An article published in the journal “Science Advances” reports the discovery of a marine arthropod dating back to about 95 million years ago, during the Mid-Cretaceous period. A team of researchers led by paleontologist Javier Luque of the American Yale University announced the discovery in Colombia and in the USA of hundreds of exceptionally preserved specimens of various species that include the one so far unknown that they named Callichimaera perplexa. It’s a crab that represents the oldest swimming arthropod known after the extinction of sea scorpions, which occurred about 250 million years ago. Its strange features could lead to rethinking the definition of crab.
Crabs form the infraorder scientifically called Brachyura within the arthropod phylum. They typically have features such as a large carapace, two strong claws and small eyes. The oldest fossils identified as crabs date back to the Jurassic period but in the subsequent one, the Cretaceous, lived a relative with really curious features. The top image (Courtesy Javier Luque et. Al. / Science Advances) shows some fossils of Callichimaera perplexa from different points of view including some of their anatomical details.
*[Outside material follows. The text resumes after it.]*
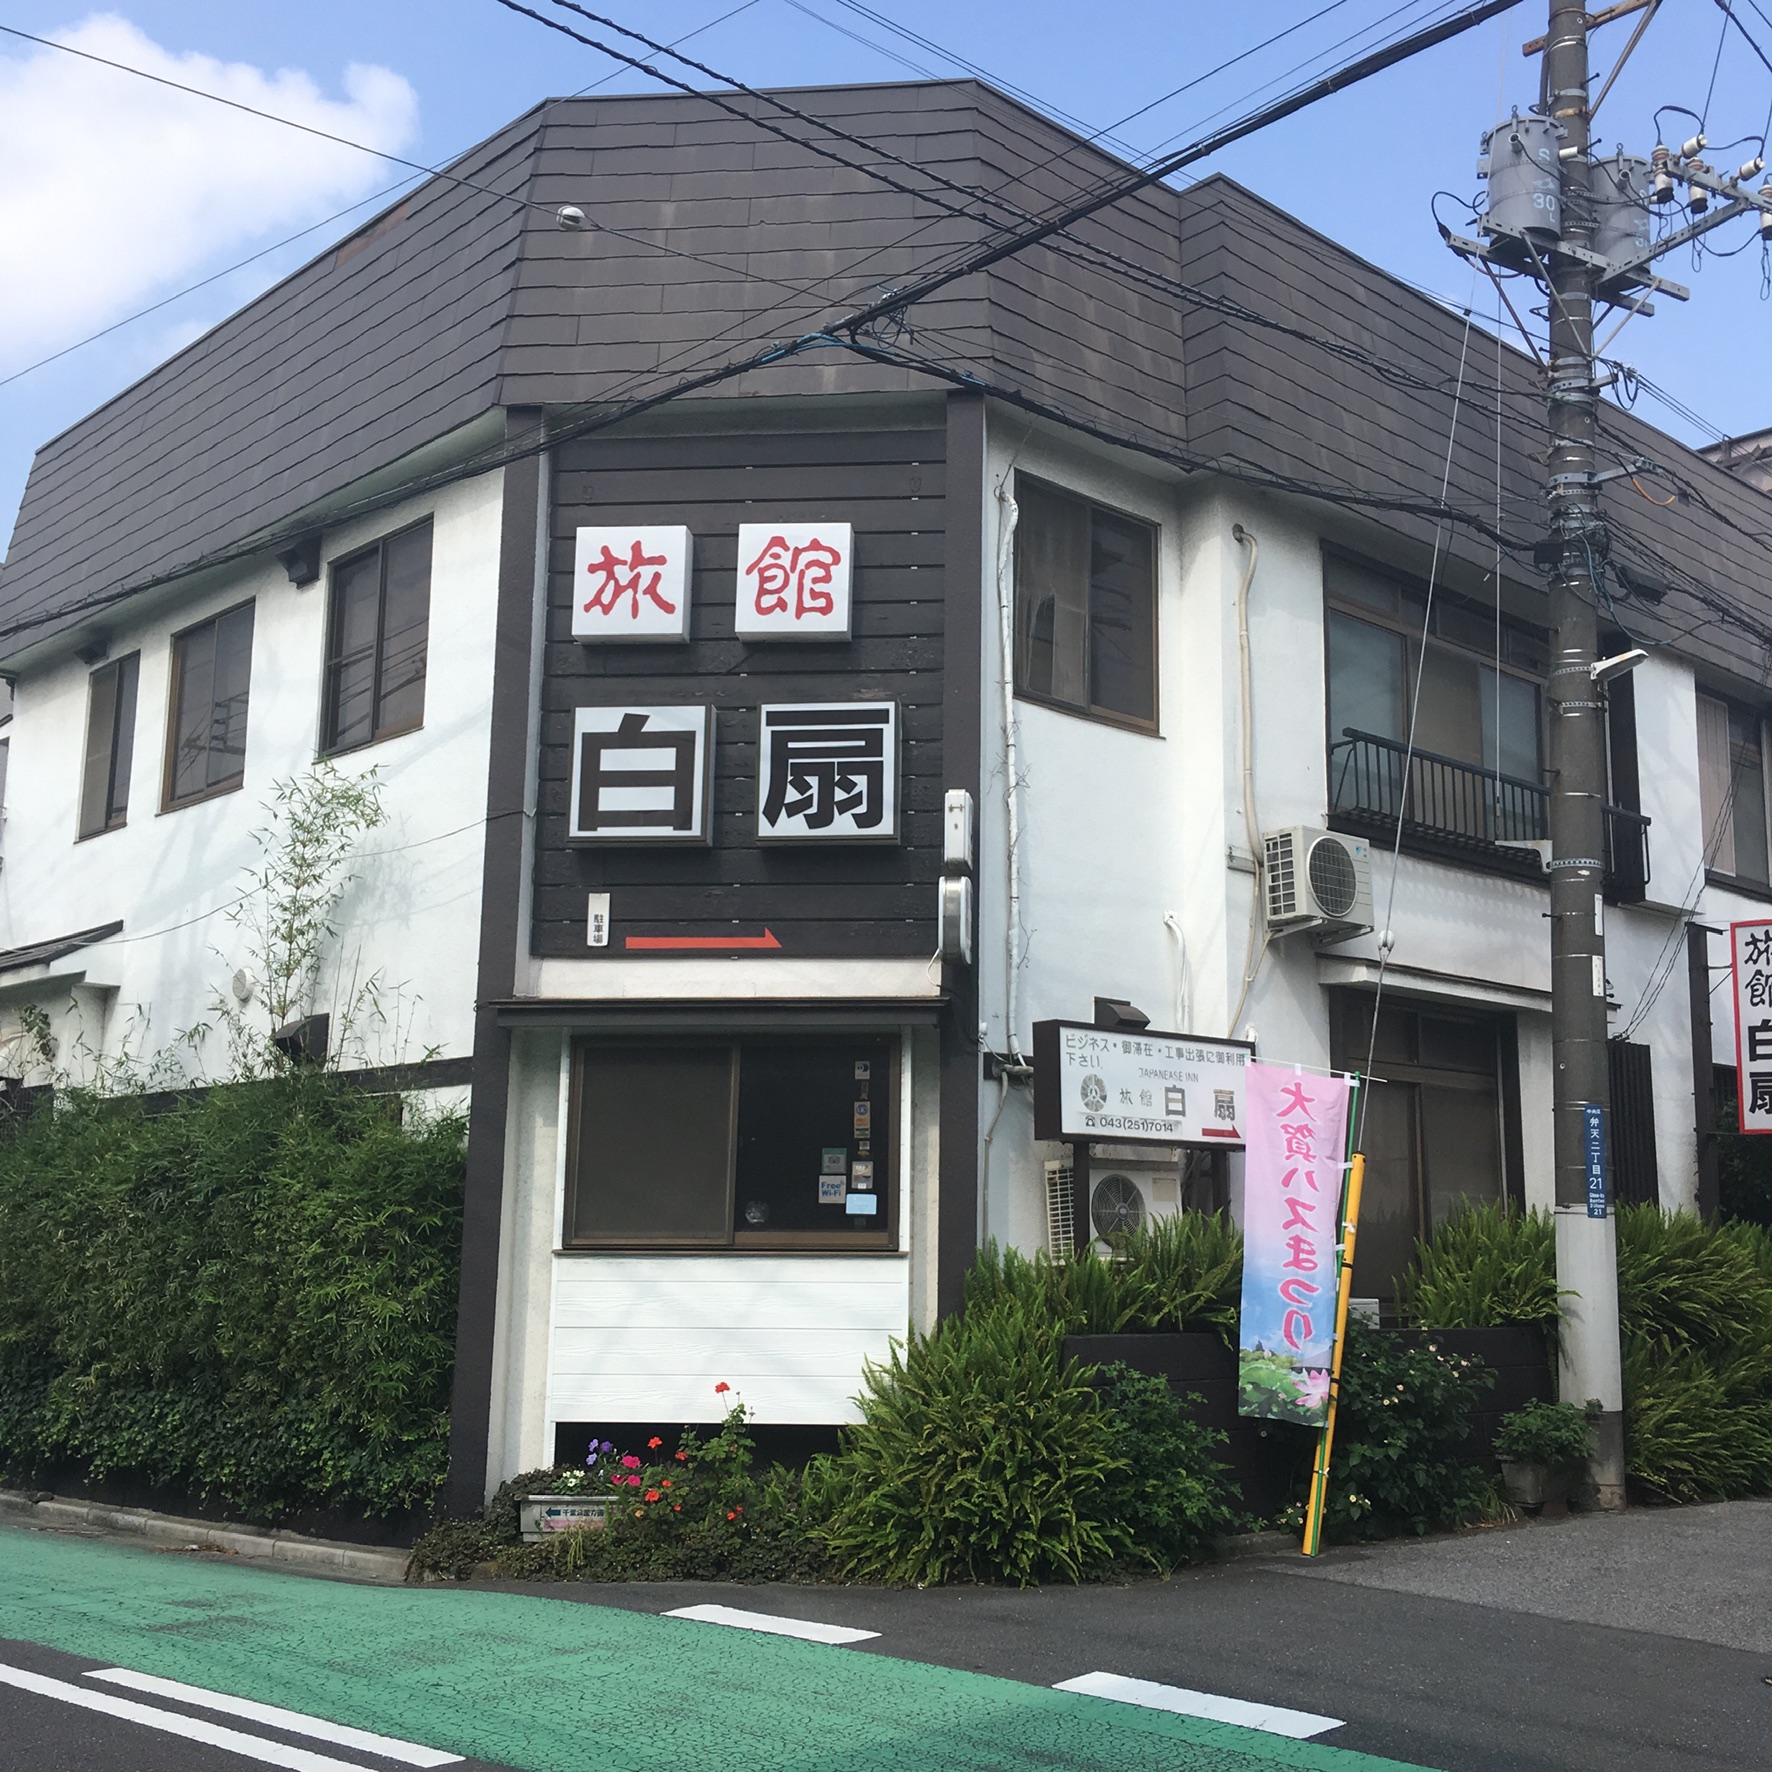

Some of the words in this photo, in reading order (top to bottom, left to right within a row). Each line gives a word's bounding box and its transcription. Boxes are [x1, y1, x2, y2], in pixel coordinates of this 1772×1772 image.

The new species named Callichimaera perplexa was very small given that the specimens have a carapace between 4 and 10 millimeters wide but above all they have characteristics like eyes much larger than those typical of crabs and others that are typical of the larvae of the species Pleuroncodes planipes, which is a lobster and therefore part of the infraorder Anomura.
The process called heterochrony consists precisely in maintaining and amplifying certain larval traits in adult individuals following changes in the timing and speed of development. In these cases, a species can evolve developing physical characteristics that are very different from the original ones. In Callichimaera perplexa’s case, the result is unique and strange, different from the typical crabs to the point that Javier Luque called it the platypus of crabs.
Callichimaera perplexa’s paddle-like legs made it skilled in swimming, a characteristic that existed in arthropods, to be precise in sea scorpions, many millions of years before. It’s a characteristic that evolved a number of times among arthropods. There were some evolutionary convergences even though some anatomical parts had different origins.
A precise positioning of Callichimaera perplexa in crabs family tree is difficult: it has some characteristics that convinced the researchers that it wasn’t a lobster and was defined a chimera for the mix of characteristics seen in different living and fossil groups of crabs and lobsters but their set was never found in a single group.
According to Javier Luque, Callichimaera perplexa’s strange characteristics should lead to rethinking the definition of crab. It was certainly a curious little animal that revealed the existence of a possible separate branch in crabs family tree showing that they were already considerably diversified in the Cretaceous period.